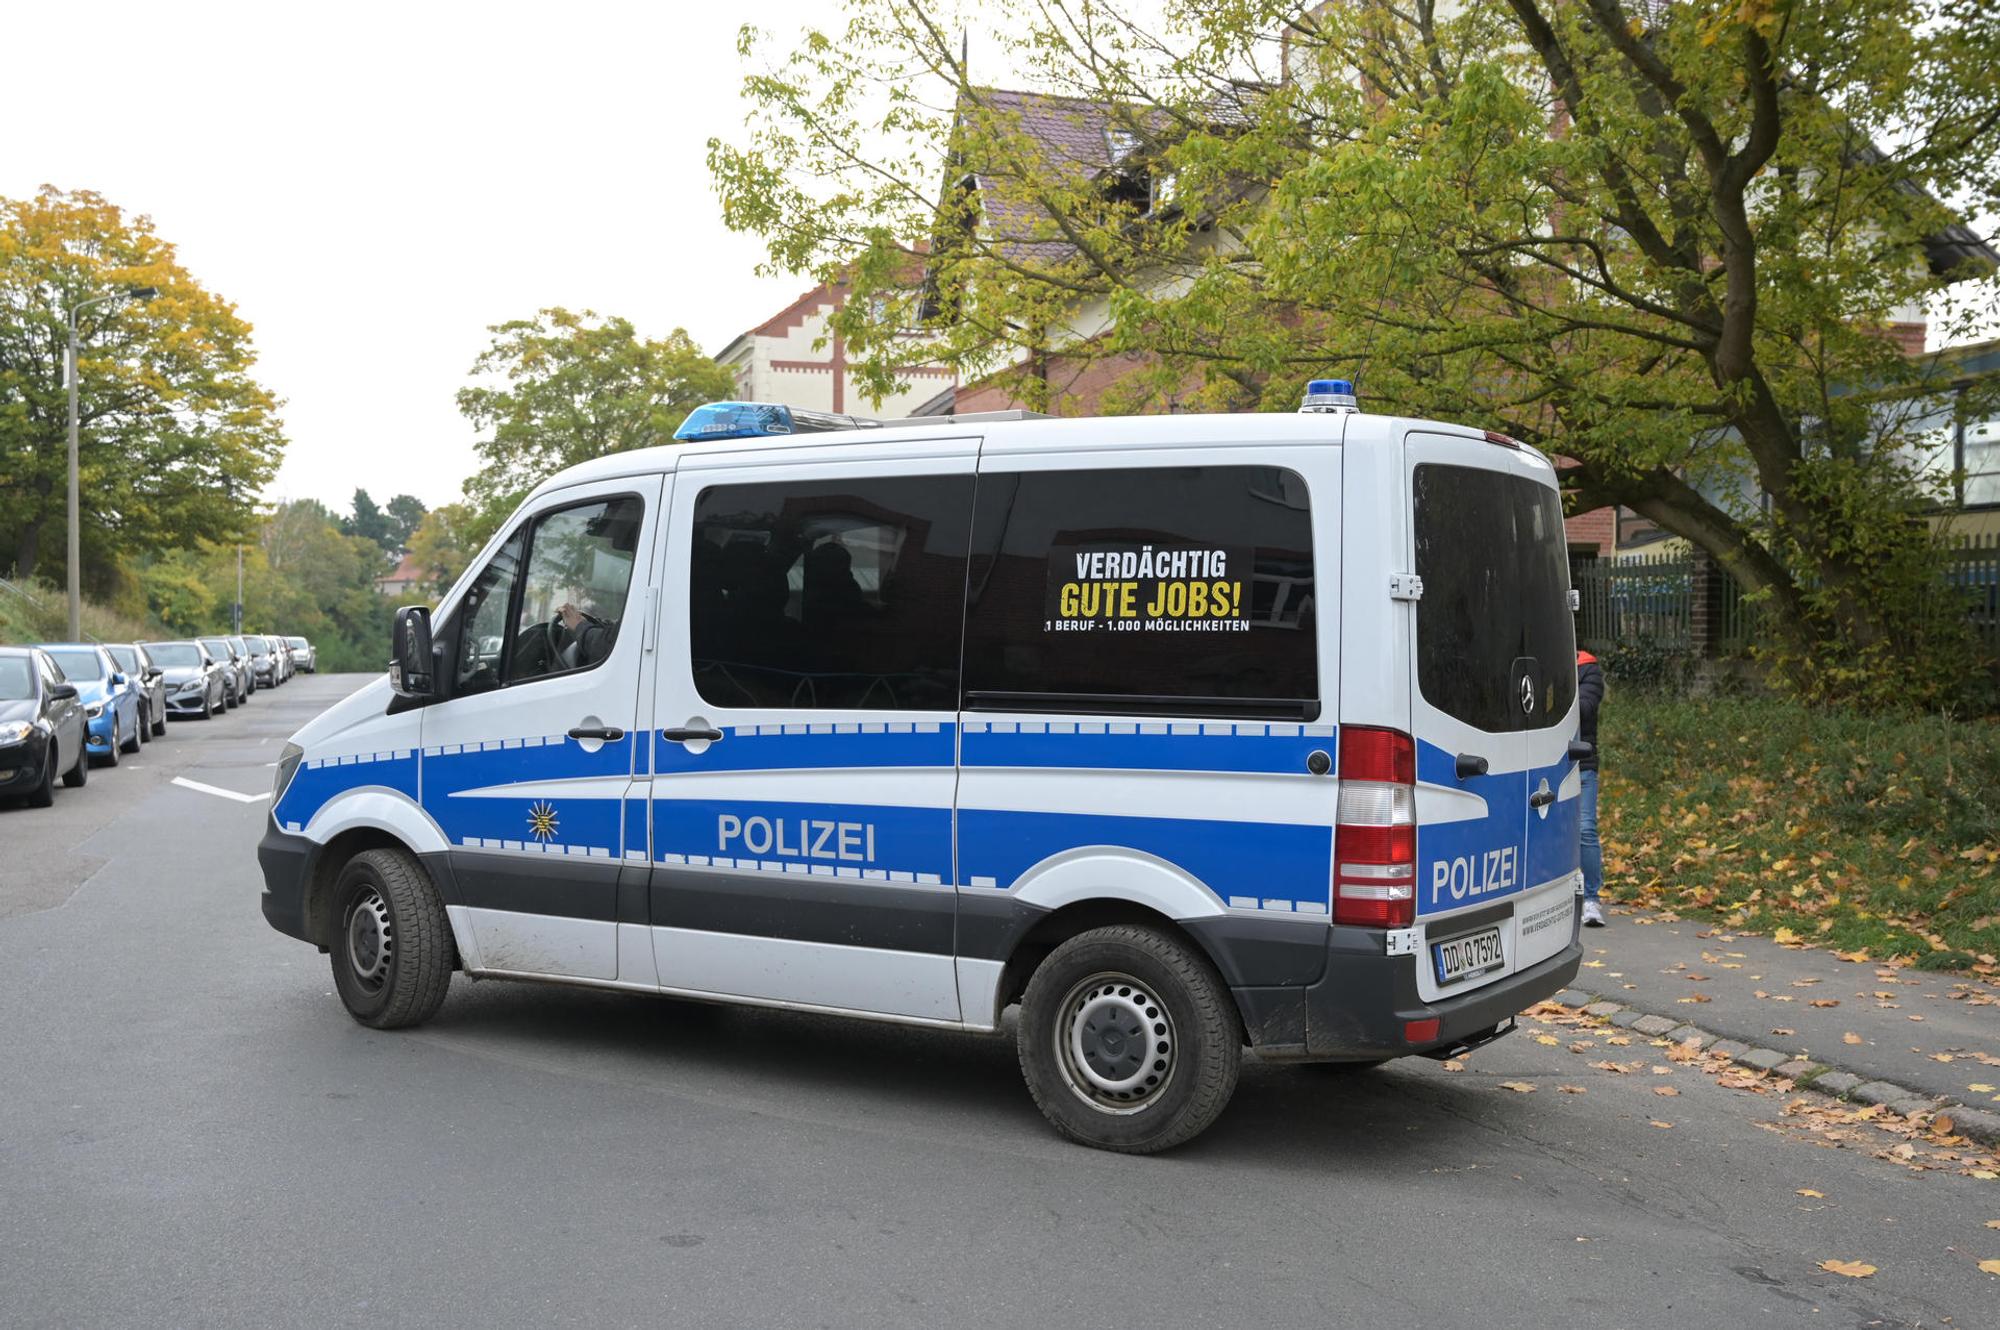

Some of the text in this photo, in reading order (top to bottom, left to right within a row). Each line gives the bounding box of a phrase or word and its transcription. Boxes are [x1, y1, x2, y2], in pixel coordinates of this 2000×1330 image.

[1076, 546, 1226, 579] VERDÄCHTIG
[1060, 581, 1241, 617] GUTE JOBS!
[1055, 620, 1095, 632] BERUF
[1108, 620, 1141, 632] 1.000
[1145, 618, 1250, 632] MÖGLICHKEITEN
[718, 814, 875, 862] POLIZEI
[1432, 845, 1518, 904] POLIZEI
[1443, 945, 1460, 974] DD
[1465, 941, 1474, 967] Q
[1473, 934, 1500, 965] 7592
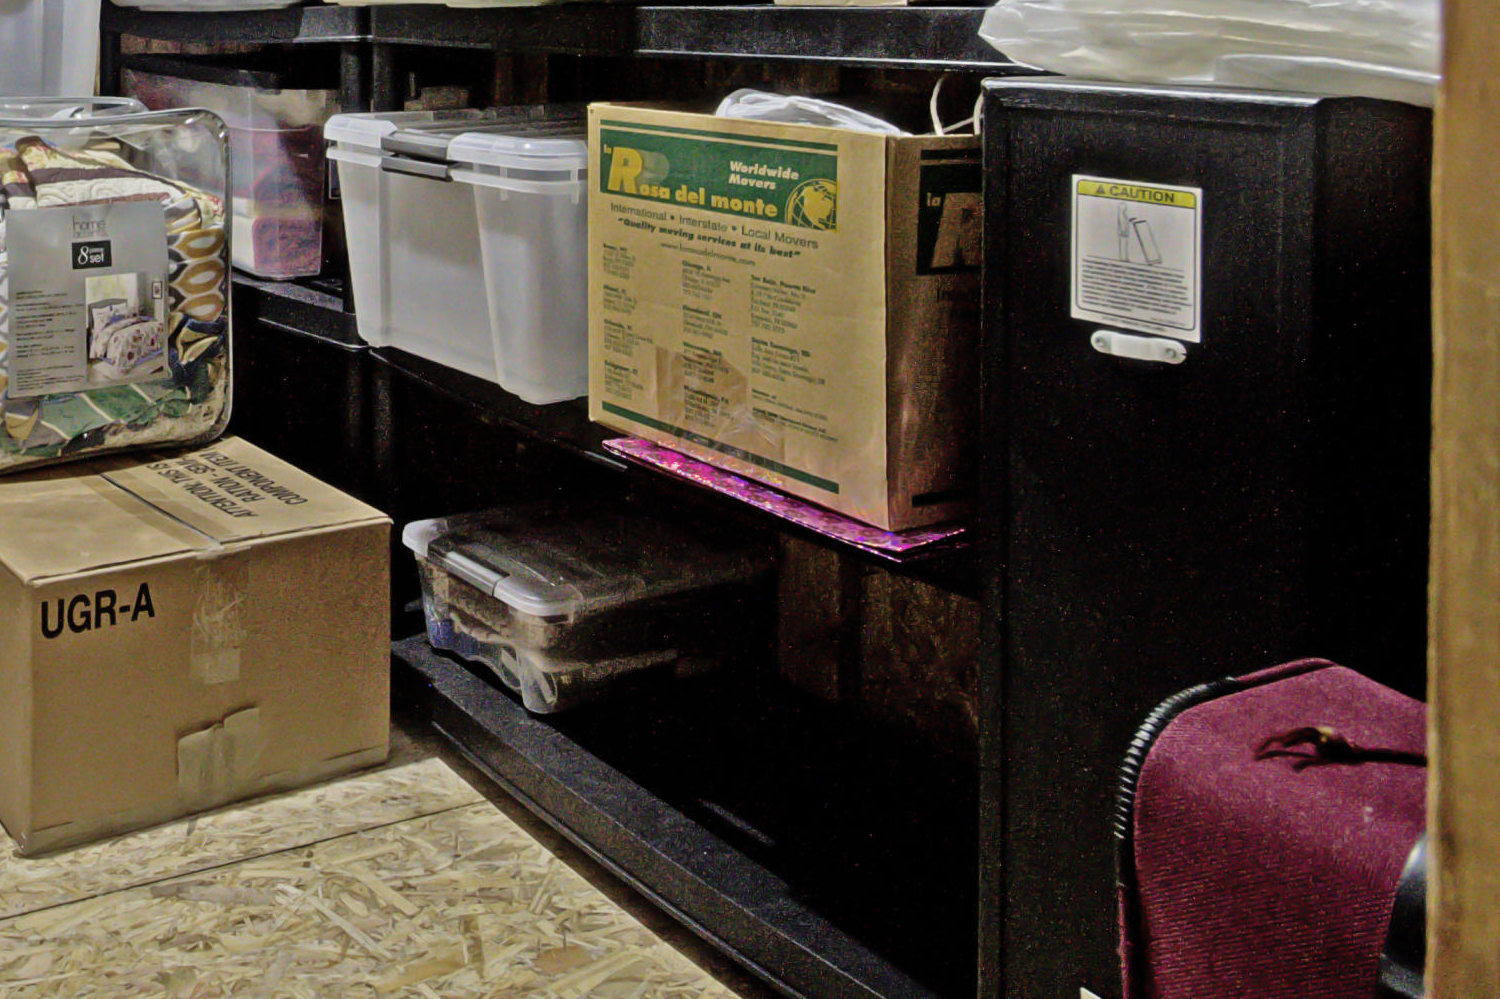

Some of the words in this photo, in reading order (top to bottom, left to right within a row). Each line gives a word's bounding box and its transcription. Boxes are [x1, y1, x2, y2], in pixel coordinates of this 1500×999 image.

[729, 160, 800, 181] Worldwide
[607, 147, 670, 199] Rosa
[674, 184, 706, 206] del
[711, 196, 779, 218] monte
[728, 173, 777, 191] Movers
[1109, 185, 1175, 203] CAUTION
[610, 202, 667, 222] International
[679, 215, 728, 233] Interstate
[741, 225, 771, 240] Local
[774, 226, 819, 250] Movers
[658, 227, 695, 242] moving
[696, 233, 737, 248] services
[739, 241, 751, 250] at
[78, 245, 89, 265] 8
[90, 252, 105, 263] set
[146, 462, 169, 471] IS
[199, 451, 239, 470] ITEM
[157, 469, 193, 484] THIS
[225, 462, 308, 505] COMPONENT
[211, 476, 267, 502] RATION
[41, 582, 155, 639] UGR-A
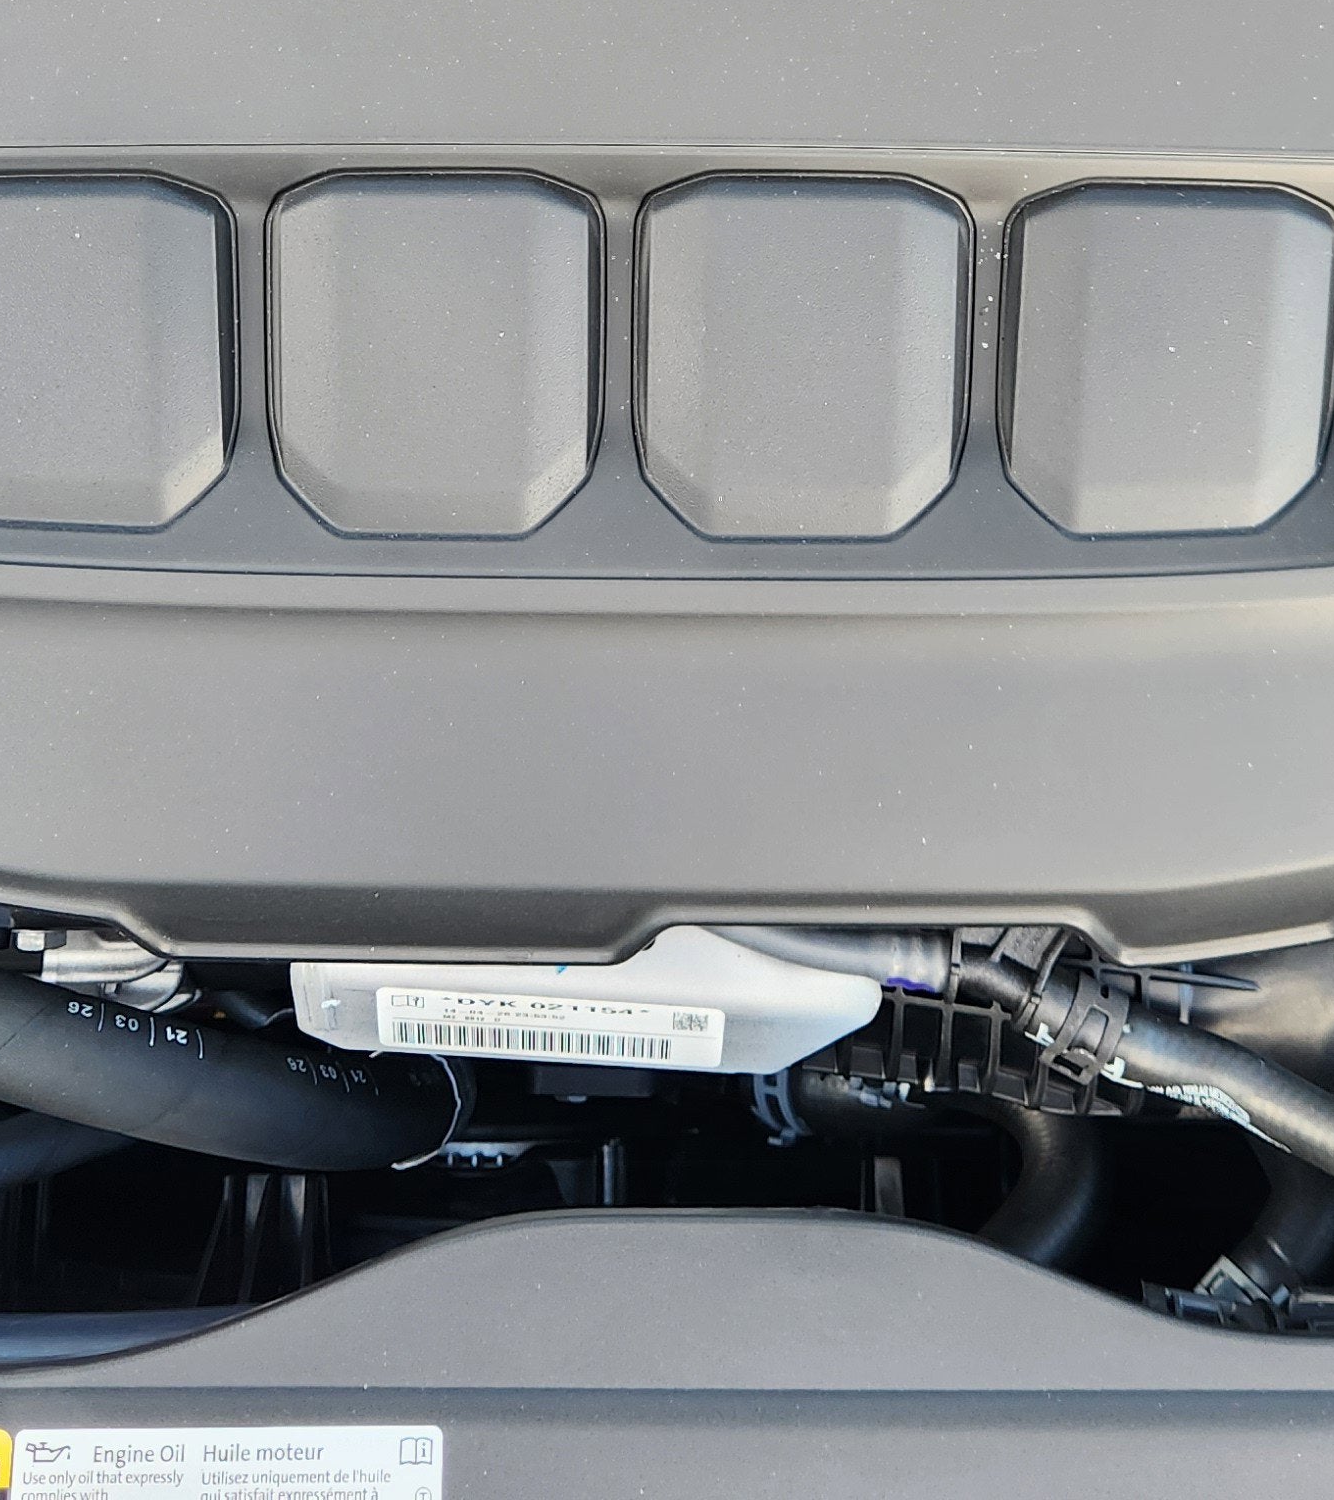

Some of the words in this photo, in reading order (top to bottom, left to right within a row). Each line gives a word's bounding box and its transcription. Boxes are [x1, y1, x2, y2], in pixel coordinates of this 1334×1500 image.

[67, 1000, 94, 1018] 26
[114, 1013, 140, 1032] 03
[165, 1025, 189, 1046] 21
[93, 1444, 155, 1468] Engine
[159, 1444, 185, 1462] Oil
[203, 1443, 251, 1462] Huile
[256, 1444, 325, 1462] moteur
[22, 1472, 46, 1485] Use
[48, 1470, 77, 1488] only
[78, 1470, 94, 1484] oil
[97, 1470, 123, 1484] that
[125, 1469, 185, 1487] expressly
[201, 1470, 249, 1485] Utilisez
[251, 1469, 331, 1487] uniquement
[333, 1469, 350, 1483] de
[352, 1469, 392, 1483] l'huile
[20, 1488, 77, 1500] complies
[80, 1488, 109, 1500] with
[224, 1487, 274, 1500] satisfait
● ● ● ● ● ● ●
§ **ACTION ITEM**
Print again the material above, limited to the lines from the one holding "this 1334×1500 image." through the last, inclusive.

§ **OUTPUT OF THE EXERCISE**
Some of the words in this photo, in reading order (top to bottom, left to right within a row). Each line gives a word's bounding box and its transcription. Boxes are [x1, y1, x2, y2], in pixel coordinates of this 1334×1500 image.

[67, 1000, 94, 1018] 26
[114, 1013, 140, 1032] 03
[165, 1025, 189, 1046] 21
[93, 1444, 155, 1468] Engine
[159, 1444, 185, 1462] Oil
[203, 1443, 251, 1462] Huile
[256, 1444, 325, 1462] moteur
[22, 1472, 46, 1485] Use
[48, 1470, 77, 1488] only
[78, 1470, 94, 1484] oil
[97, 1470, 123, 1484] that
[125, 1469, 185, 1487] expressly
[201, 1470, 249, 1485] Utilisez
[251, 1469, 331, 1487] uniquement
[333, 1469, 350, 1483] de
[352, 1469, 392, 1483] l'huile
[20, 1488, 77, 1500] complies
[80, 1488, 109, 1500] with
[224, 1487, 274, 1500] satisfait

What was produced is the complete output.